FDA panel to weigh first biosimilar application
Novartis unit Sandoz seeks OK for Neupogen knockoff
While the courts are working out patent resolution procedures for biosimilars, Sandoz's application to market a biosimilar version of Amgen's cancer drug Neupogen has been thoroughly vetted and seems to have made its case for biosimilarity.
In a 120-page brief issued by FDA's Oncological Drugs Advisory Committee, the panel finds no clinically meaningful differences between Sandoz's Zarzio (filigrastim), the first US biosimilar biologic application (BLA) to be reviewed by the FDA, and Amgen's Neupogen. It is providing recommendations to FDA on the drug Jan 7.
"Based on the totality of the evidence presented, Zarzio has demonstrated its biosimilarity to Neupogen. Analytical methods confirm the products, for all intents and purposes, are the same," the brief says.
FDA raised an issue of “slightly lower protein content” measurements in Zarzio commercial lots compared to Neupogen, but concluded based on additional data the commercial and clinical product was the same strength as the originator, writes Evercore ISI analyst Mark Schoenebaum in an investors' note.
The committee has focused on the biosimilar designation and not on the higher bar of interchangability, Schoenebaum writes, noting “on the point of biosimilarity, the FDA concludes that the ‘Applicant's data meets the requirement for a demonstration of no clinically meaningful differences' . . . in terms of safety, purity, and potency.”
Under the Biologics Price Competition and Innovation Act (BPCIA), products can be approved as biosimilar or as interchangable biosimilars. FDA requires a two-step process, first approval of biosimilarity, then in a subsequent submission, for interchangability. Biosimilar products have to be shown as interchangeable before they can be automatically substituted at a pharmacy. With its BLA for Zarzio, the Novartis Group company is seeking approval only for the biosimilar designation.

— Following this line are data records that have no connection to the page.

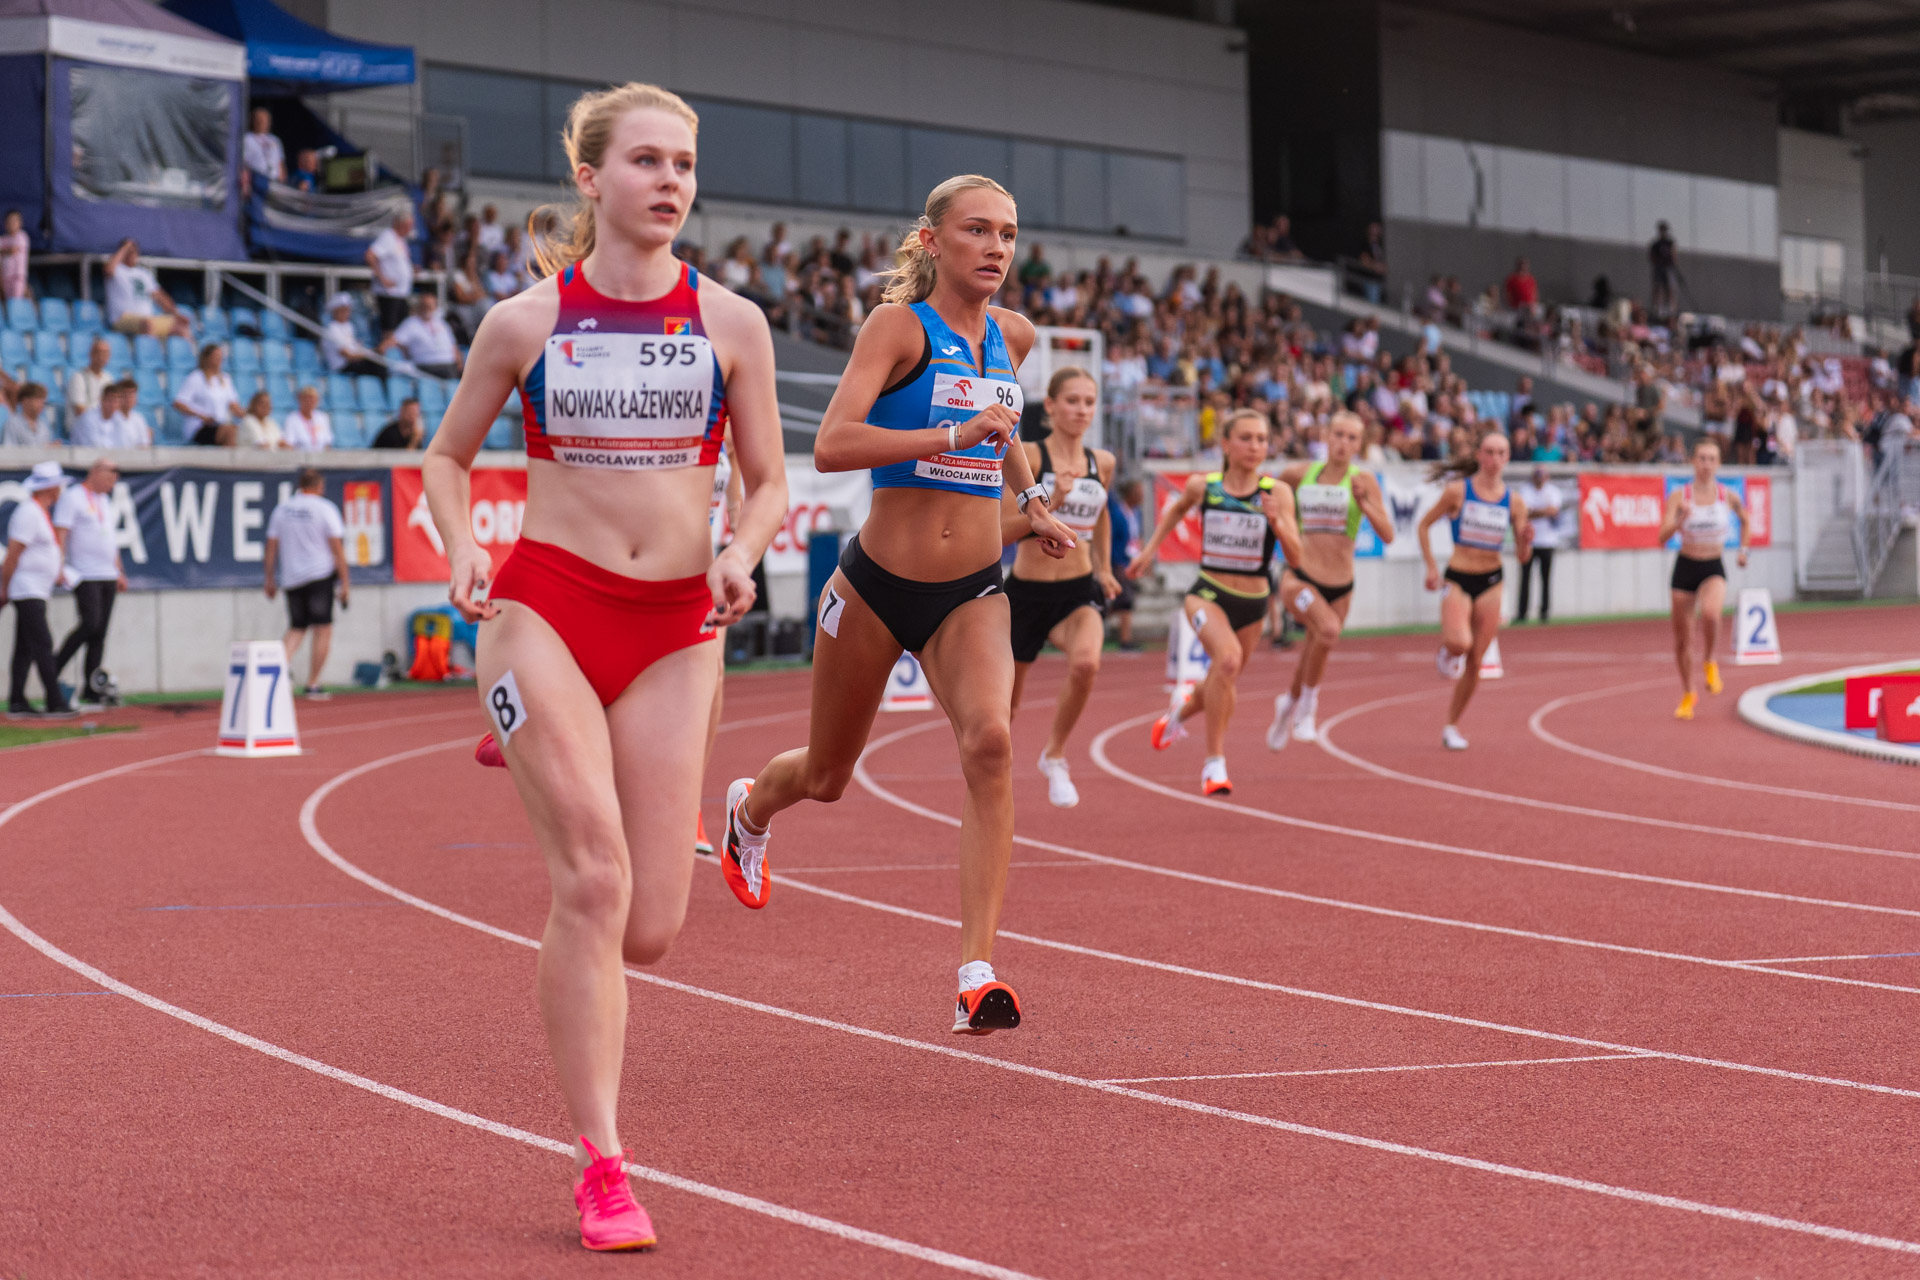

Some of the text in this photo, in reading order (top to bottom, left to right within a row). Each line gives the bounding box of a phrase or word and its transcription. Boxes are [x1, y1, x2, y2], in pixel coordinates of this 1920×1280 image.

[640, 342, 696, 366] 595
[552, 382, 703, 419] NOWAK ŁAŻEWSKA
[947, 386, 1014, 408] ORLEN 96
[575, 437, 596, 447] PZLA
[598, 438, 650, 448] Mistrzostwa
[652, 438, 676, 448] Polski
[564, 451, 687, 466] WŁOCŁAWEK 2025
[941, 456, 956, 465] PZLA
[957, 459, 991, 468] Mistrzostwa
[929, 466, 993, 483] WŁOCŁAWEK
[822, 589, 838, 625] 7
[1748, 606, 1769, 645] 2
[230, 665, 247, 729] 7
[257, 665, 281, 729] 7
[492, 685, 516, 732] 8

Besides equivalence, safety and efficacy demonstrated in its US clinical trial program, Zarzio has been marketed in Europe and other countries since 2009 with over 7.5 million days of patient exposure, demonstrating its clinical safety and efficacy, the committee's brief notes.

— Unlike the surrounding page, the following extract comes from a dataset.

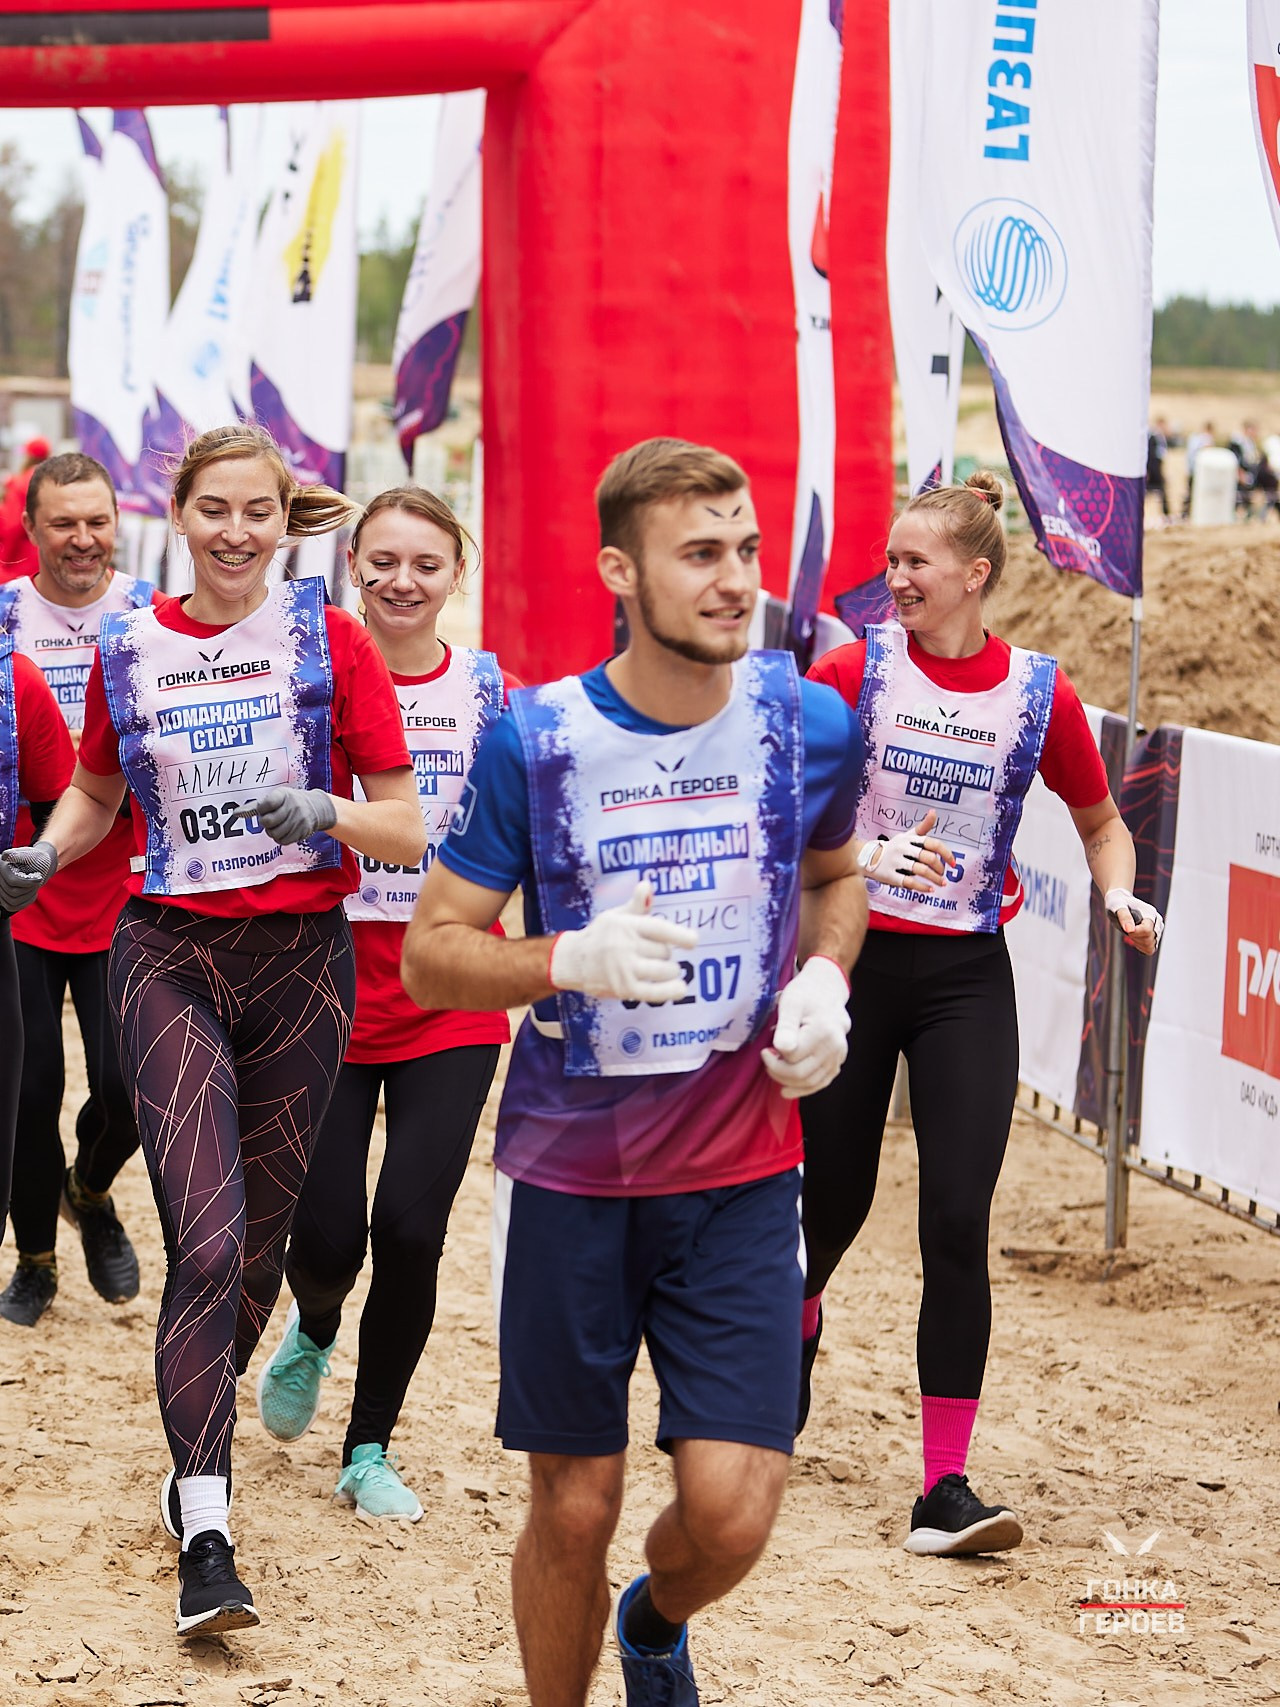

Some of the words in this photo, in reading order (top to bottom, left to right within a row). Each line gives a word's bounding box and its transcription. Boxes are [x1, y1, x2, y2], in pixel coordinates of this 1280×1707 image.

An $850 million product in the US, Neupogen has been challenged by Teva's Granix which has 15% market share per IMA data, with only one of 5 Neupogen indications, writes Evercore ISI analyst Umer Raffat.
As Sandoz is going for all five indications on Neupogen's label, “the main question for the meeting is whether to approve Zarzio for each of the five indications of Neupogen,” Schoenebaum writes.